Start of Block

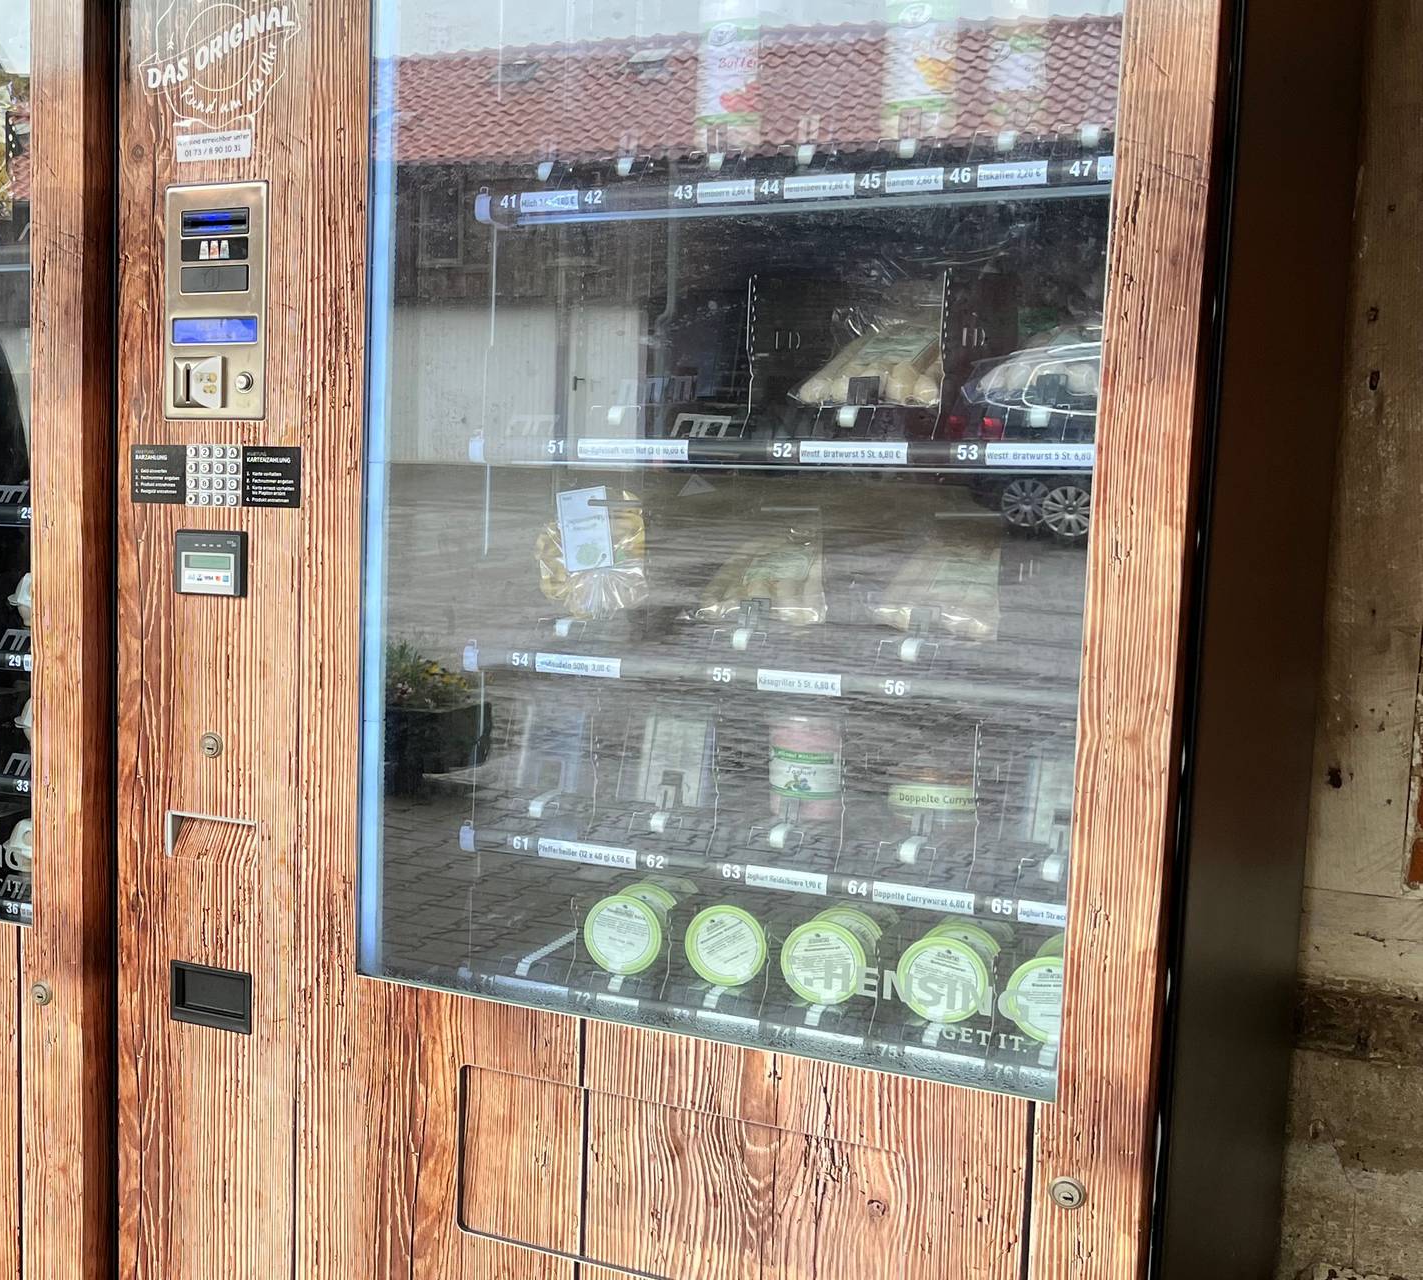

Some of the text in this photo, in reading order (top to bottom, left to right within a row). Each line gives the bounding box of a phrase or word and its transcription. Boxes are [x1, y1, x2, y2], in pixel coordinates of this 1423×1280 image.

[147, 6, 295, 89] DAS ORIGINAL
[180, 86, 217, 114] Rund
[220, 99, 243, 113] um
[259, 42, 277, 76] Uhr
[949, 167, 971, 184] 46
[1069, 160, 1093, 177] 47
[760, 179, 779, 195] 44
[860, 173, 881, 189] 45
[584, 189, 602, 204] 42
[674, 185, 693, 200] 43
[500, 194, 517, 208] 41
[547, 440, 564, 454] 51
[772, 443, 792, 458] 52
[823, 450, 859, 459] Bratwurst
[861, 450, 865, 458] 5
[896, 451, 901, 459] €
[957, 444, 978, 460] 53
[1012, 451, 1052, 461] Bratwurst
[1054, 452, 1059, 460] 5
[1061, 452, 1071, 461] St.
[246, 456, 292, 464] KARTENZAHLUNG
[8, 654, 21, 667] 29
[511, 652, 529, 667] 54
[712, 667, 731, 683] 55
[797, 678, 802, 688] 5
[830, 681, 836, 690] €
[884, 679, 905, 696] 56
[16, 780, 29, 792] 33
[899, 791, 940, 804] Doppelte
[513, 835, 529, 850] 61
[646, 854, 664, 869] 62
[722, 863, 741, 879] 63
[847, 880, 868, 897] 64
[873, 889, 905, 901] Doppelte
[906, 892, 948, 907] Currywurst
[967, 900, 973, 910] €
[6, 902, 19, 915] 36
[991, 898, 1013, 915] 65
[1019, 908, 1045, 920] Joghurt
[943, 1024, 1028, 1053] GET IT.
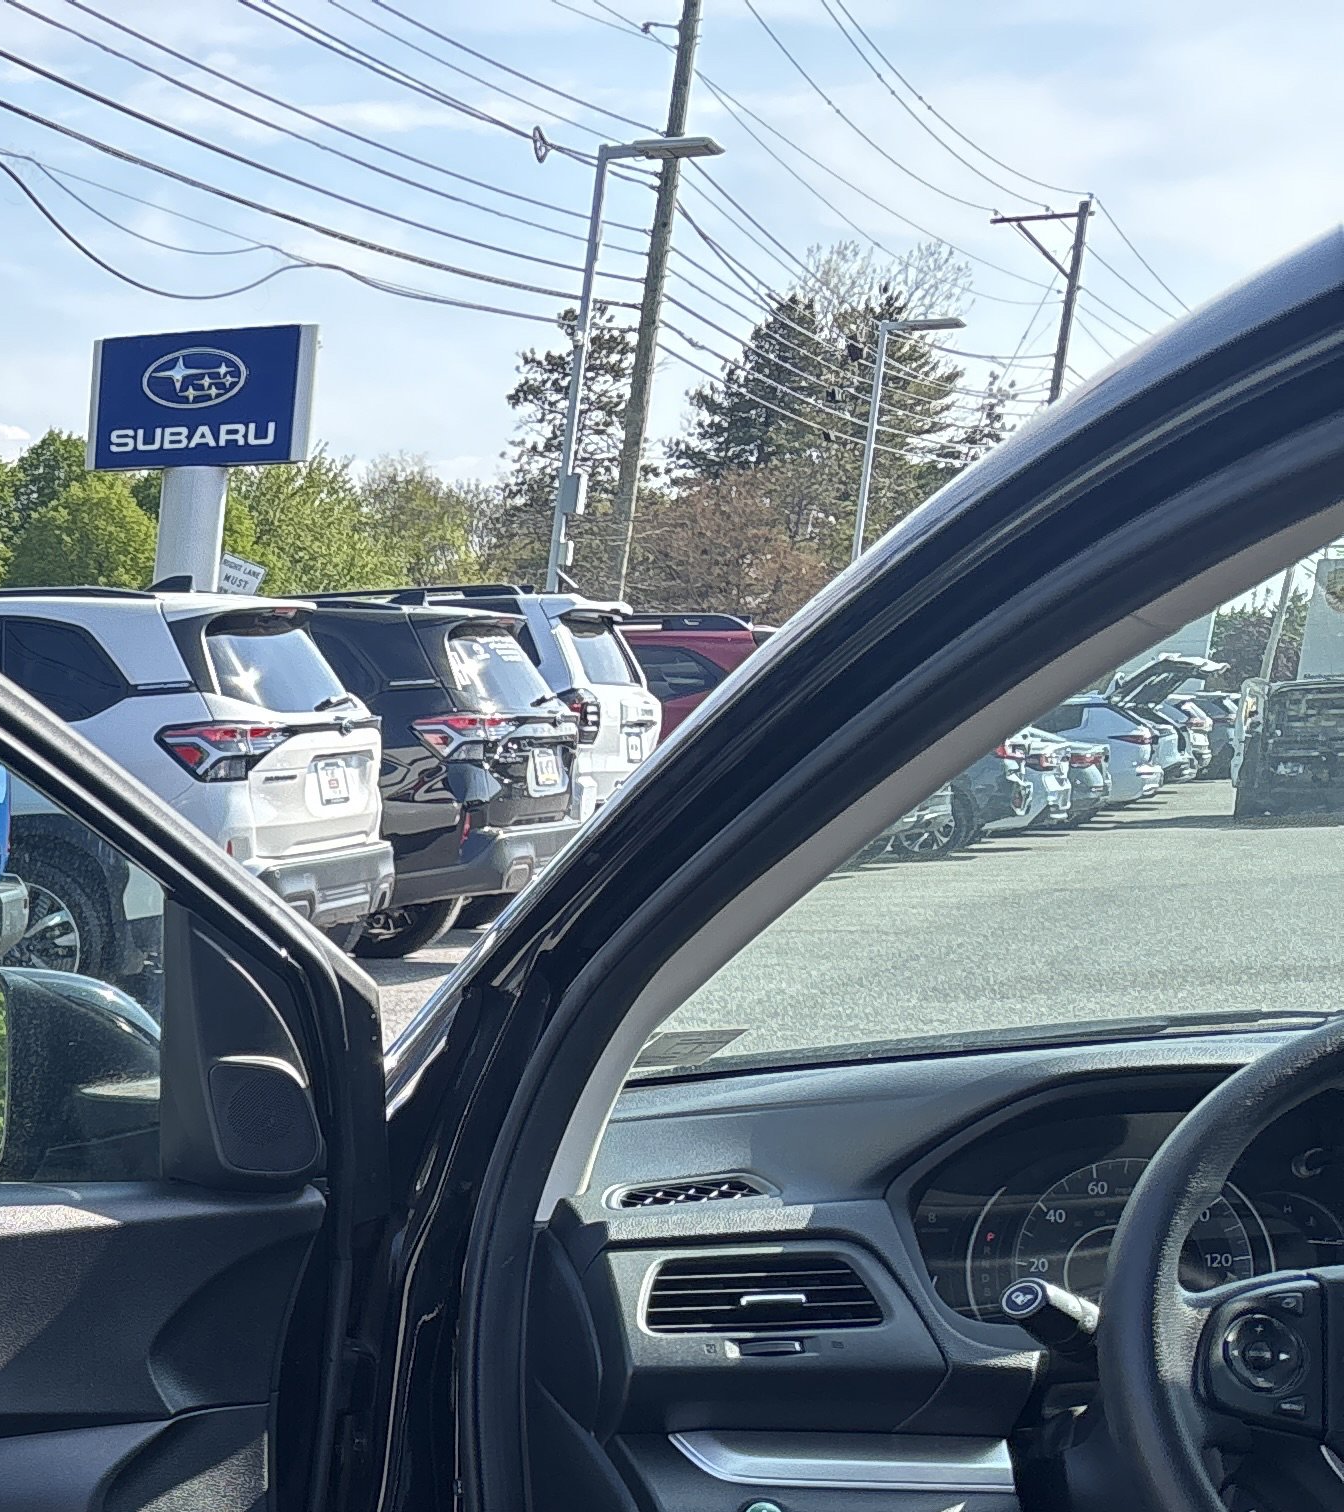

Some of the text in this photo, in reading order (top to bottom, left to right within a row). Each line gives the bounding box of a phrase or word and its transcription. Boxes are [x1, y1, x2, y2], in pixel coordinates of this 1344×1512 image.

[109, 421, 276, 452] SUBARU
[223, 573, 250, 591] MUST
[1087, 1181, 1108, 1195] 60
[1045, 1208, 1067, 1223] 40
[986, 1231, 996, 1242] P
[1029, 1257, 1050, 1273] 20
[1204, 1252, 1233, 1268] 120
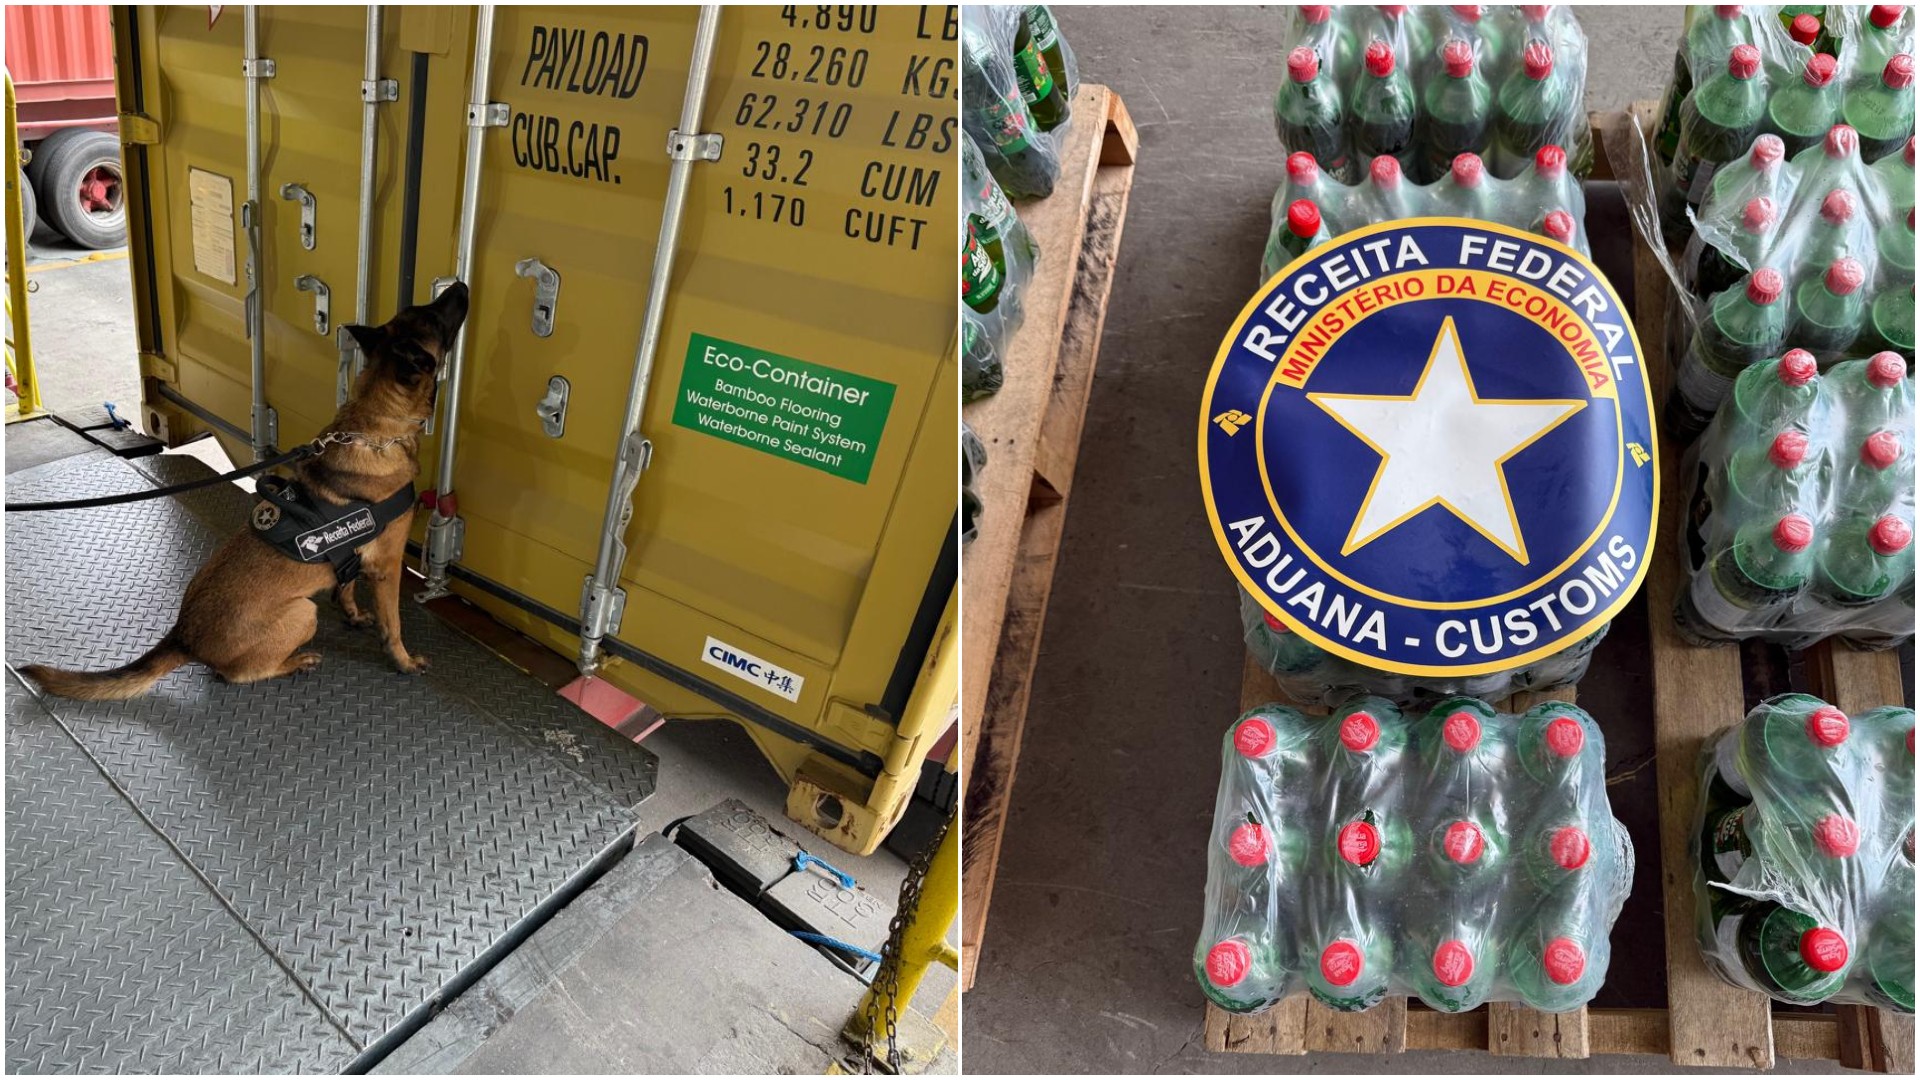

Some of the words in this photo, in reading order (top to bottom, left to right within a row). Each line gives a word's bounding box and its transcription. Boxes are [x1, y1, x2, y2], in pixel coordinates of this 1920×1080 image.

[781, 5, 877, 33] 4,890
[521, 26, 649, 98] PAYLOAD
[751, 40, 869, 88] 28,260
[901, 55, 958, 100] KG
[512, 113, 622, 185] CUB.CAP.
[735, 92, 853, 139] 62,310
[881, 110, 958, 154] LBS
[742, 142, 814, 187] 33.2
[860, 161, 941, 208] CUM
[723, 186, 805, 228] 1,170
[844, 208, 928, 251] CUFT
[1242, 234, 1429, 362] RECEITA
[1458, 234, 1636, 381] FEDERAL
[1281, 276, 1425, 382] MINISTÉRIO
[1435, 274, 1477, 296] DA
[1485, 275, 1610, 390] ECONOMIA
[703, 345, 869, 407] Eco-Container
[714, 379, 776, 407] Bamboo
[780, 397, 842, 428] Flooring
[687, 389, 769, 424] Waterborne
[771, 415, 809, 437] Paint
[811, 427, 866, 454] System
[698, 412, 780, 448] Waterborne
[783, 439, 842, 467] Sealant
[323, 526, 349, 544] Receita
[346, 513, 373, 535] Federal
[1228, 515, 1388, 651] ADUANA
[1404, 636, 1420, 648] -
[1435, 533, 1637, 658] CUSTOMS
[709, 646, 761, 677] CIMC
[764, 669, 794, 694] 中集

End of Block

▸ **Exercise goal**:
The lines from the one containing "Some of the words" through the final line of the listing above are to be repeated exactly, and nothing else is to be printed.

▸ **Exercise solution**:
Some of the words in this photo, in reading order (top to bottom, left to right within a row). Each line gives a word's bounding box and its transcription. Boxes are [x1, y1, x2, y2], in pixel coordinates of this 1920×1080 image.

[781, 5, 877, 33] 4,890
[521, 26, 649, 98] PAYLOAD
[751, 40, 869, 88] 28,260
[901, 55, 958, 100] KG
[512, 113, 622, 185] CUB.CAP.
[735, 92, 853, 139] 62,310
[881, 110, 958, 154] LBS
[742, 142, 814, 187] 33.2
[860, 161, 941, 208] CUM
[723, 186, 805, 228] 1,170
[844, 208, 928, 251] CUFT
[1242, 234, 1429, 362] RECEITA
[1458, 234, 1636, 381] FEDERAL
[1281, 276, 1425, 382] MINISTÉRIO
[1435, 274, 1477, 296] DA
[1485, 275, 1610, 390] ECONOMIA
[703, 345, 869, 407] Eco-Container
[714, 379, 776, 407] Bamboo
[780, 397, 842, 428] Flooring
[687, 389, 769, 424] Waterborne
[771, 415, 809, 437] Paint
[811, 427, 866, 454] System
[698, 412, 780, 448] Waterborne
[783, 439, 842, 467] Sealant
[323, 526, 349, 544] Receita
[346, 513, 373, 535] Federal
[1228, 515, 1388, 651] ADUANA
[1404, 636, 1420, 648] -
[1435, 533, 1637, 658] CUSTOMS
[709, 646, 761, 677] CIMC
[764, 669, 794, 694] 中集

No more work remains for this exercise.